I joined Friends Reunited back in 2003, before I joined GR. It was back in the early days when the stated aim was to help reconnect school and work friends, and just after I'd got access to the internet
So really, a bit the same as trying to re-make or maintain contact during the covid crisis.
I made contact through FR with several high school friends and one or two from university.
Several responded once to my contact, never again. One responded twice, then never again.
That's when I realised that the few people that I was still in contact with from both places wee actually the ones that I wanted to keep.
Most of the others were just in the same year, even if that was for 4 or 7 years! We'd never really had much in common back then.
I was disappointed that one girl on FR who had been in the "gang of 4" of us for the 7 years we were at high school never responded at all ............... her contact on FR was through her husband who she had met at university. I tried a couple of times, but never knew whether he had actually told her, or whether they were even still on FR.
The last time I saw her was on High Street in our home town 2 years after she went to university, pushing a pram.
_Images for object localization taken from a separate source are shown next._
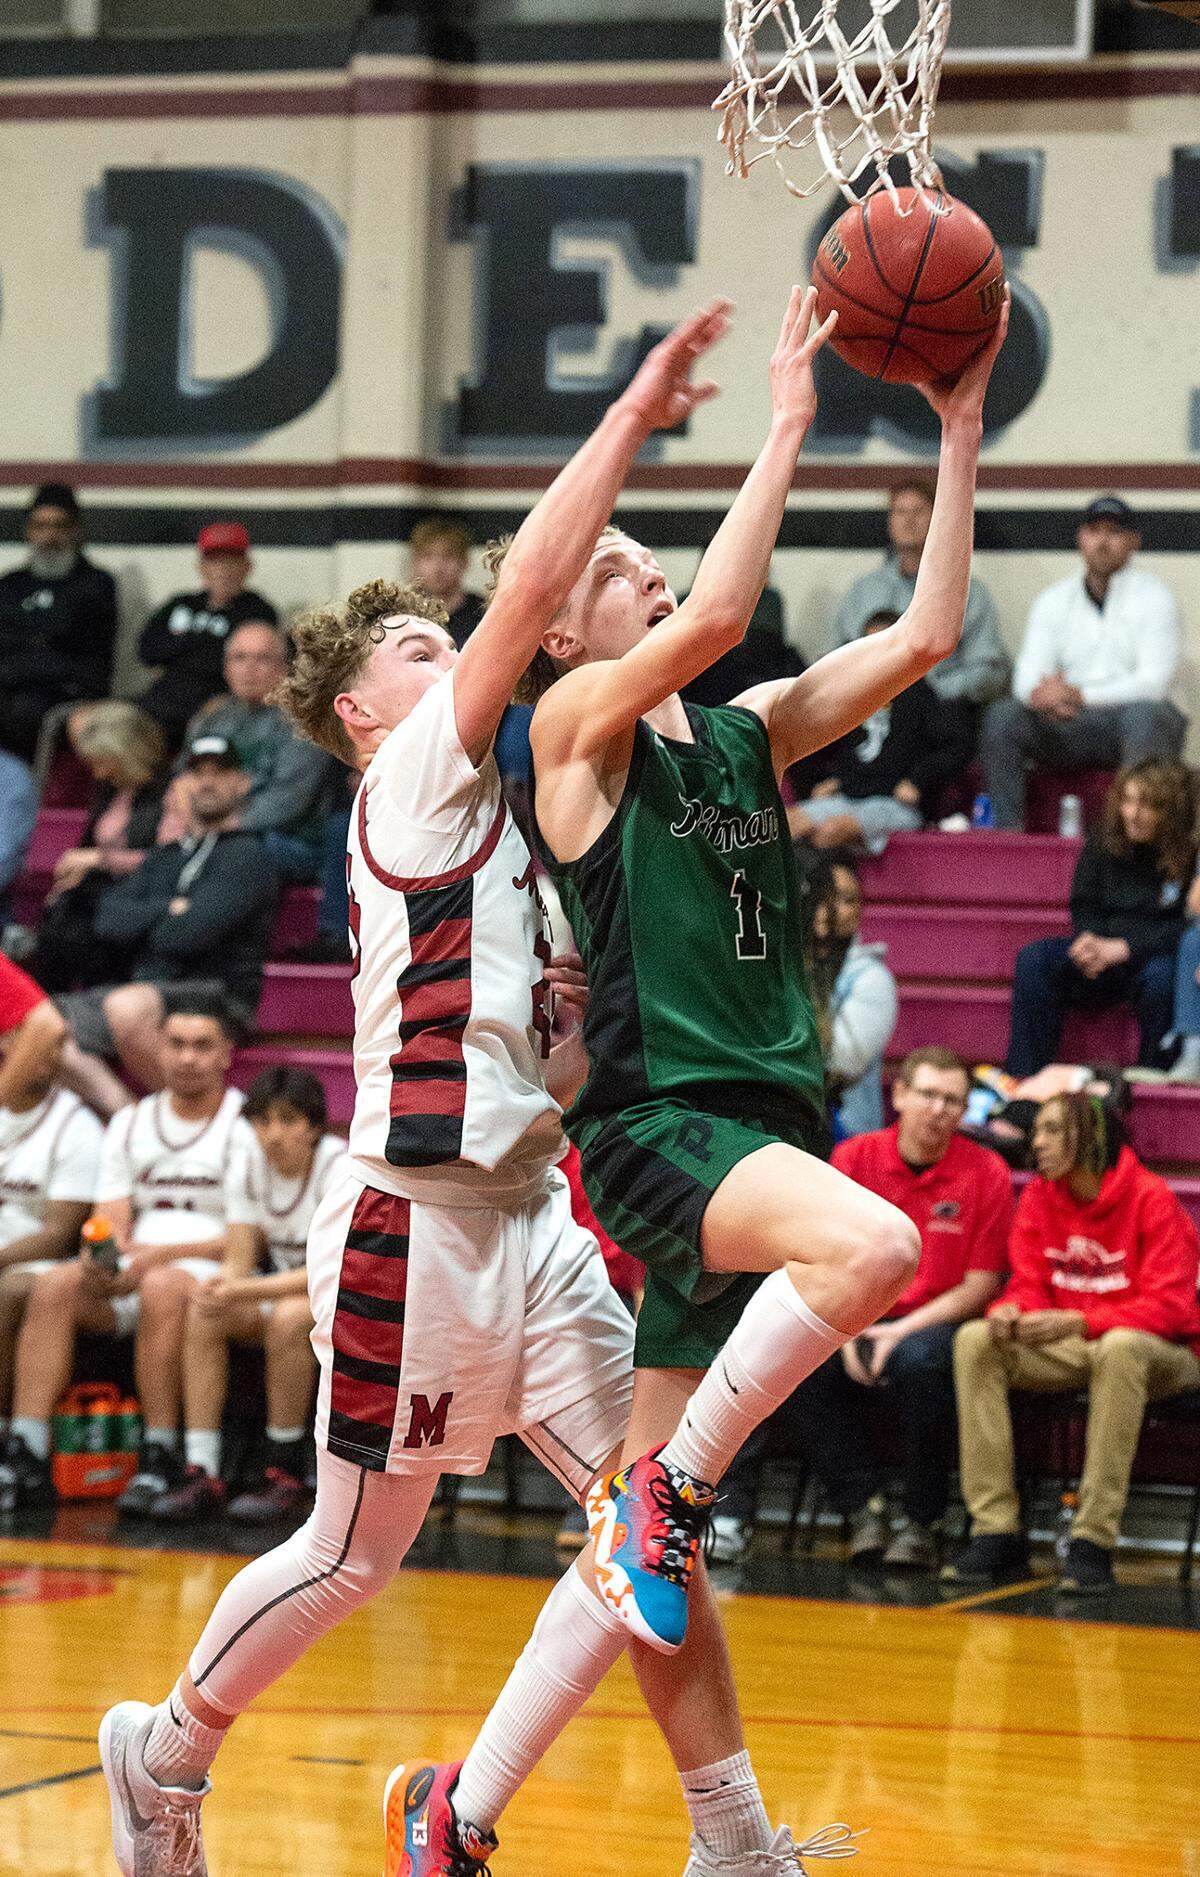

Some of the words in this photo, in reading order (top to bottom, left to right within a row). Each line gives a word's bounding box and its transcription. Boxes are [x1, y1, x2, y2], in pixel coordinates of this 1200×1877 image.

[0, 143, 1200, 460] DES
[729, 868, 767, 960] 1
[673, 1117, 714, 1164] P
[403, 1391, 454, 1449] M
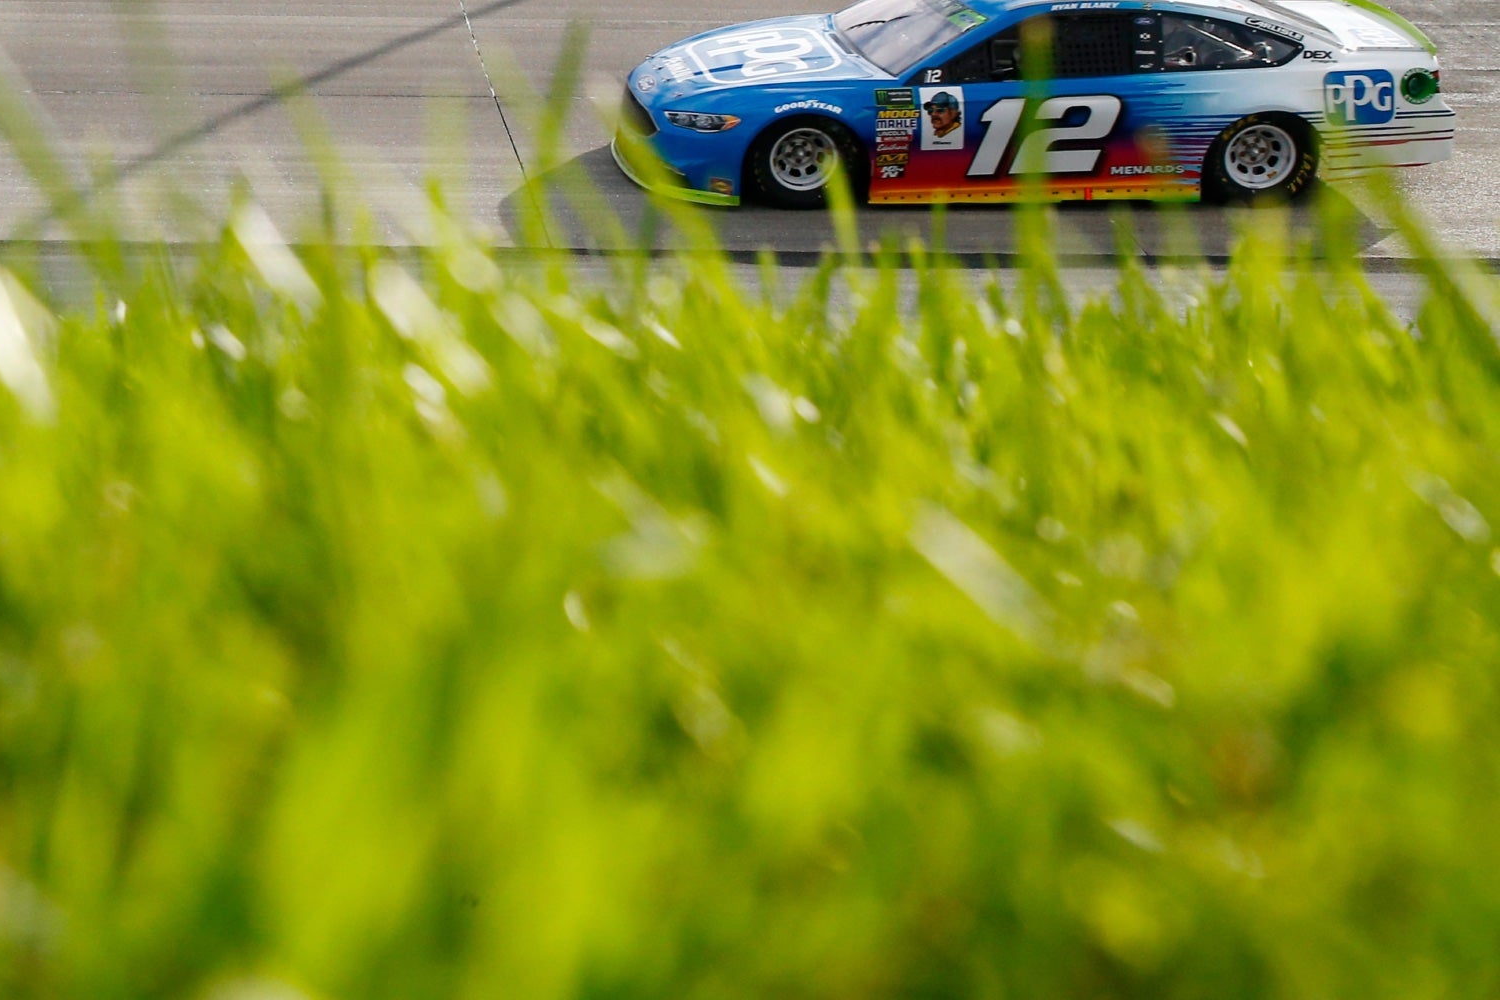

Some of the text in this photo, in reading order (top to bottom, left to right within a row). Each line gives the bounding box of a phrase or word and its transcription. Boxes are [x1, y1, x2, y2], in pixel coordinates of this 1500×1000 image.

[1051, 1, 1120, 11] RYAN BLANEY
[1247, 18, 1302, 40] CARLISLE
[1303, 50, 1332, 59] DEX
[924, 69, 942, 83] 12
[1326, 75, 1393, 121] PPG
[774, 99, 843, 115] GOODYEAR
[878, 109, 921, 119] MOOG
[877, 119, 917, 128] MAHLE
[967, 94, 1122, 176] 12
[1110, 164, 1187, 175] MENARDS
She'd married in a hurry and dropped out of university. Bit of a surprise! I'd wondered why she had stopped writing or contacting me.
It hasn't even worked now with relations ...............
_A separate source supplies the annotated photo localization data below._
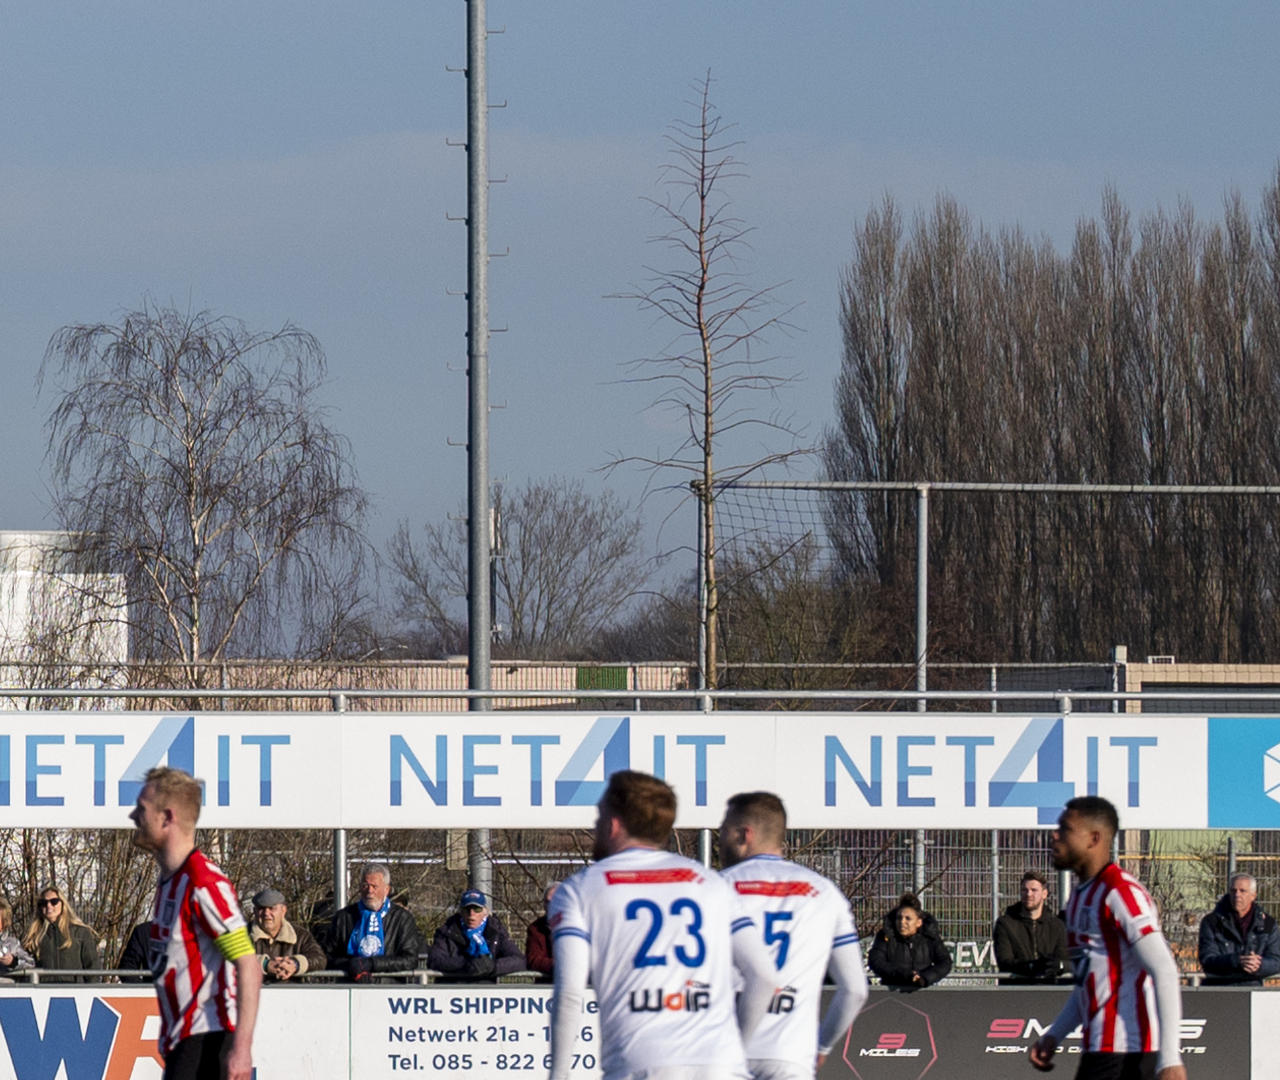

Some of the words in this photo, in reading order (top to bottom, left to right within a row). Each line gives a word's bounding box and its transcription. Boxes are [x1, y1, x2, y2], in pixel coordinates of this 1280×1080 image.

[824, 718, 1158, 825] NET4IT
[625, 897, 706, 968] 23
[764, 911, 793, 971] 5
[388, 998, 443, 1014] WRL
[388, 1026, 479, 1042] Netwerk
[486, 1026, 519, 1042] 21a
[859, 1048, 921, 1057] MILES
[388, 1054, 425, 1070] Tel.
[432, 1054, 474, 1070] 085
[495, 1054, 536, 1070] 822
[543, 1054, 597, 1070] 670
we're now the senior generation over here. Two nieces and 1 nephew, all married with families. The two nieces always in contact, one more often than the other. The nephew hardly ever.
I emailed the two girls early on ............. the one who usually keeps regular contact replied once, then never responded to my second. The other never responded.
Granted all have children under the age of 12, so would be busy with them. But still ..........!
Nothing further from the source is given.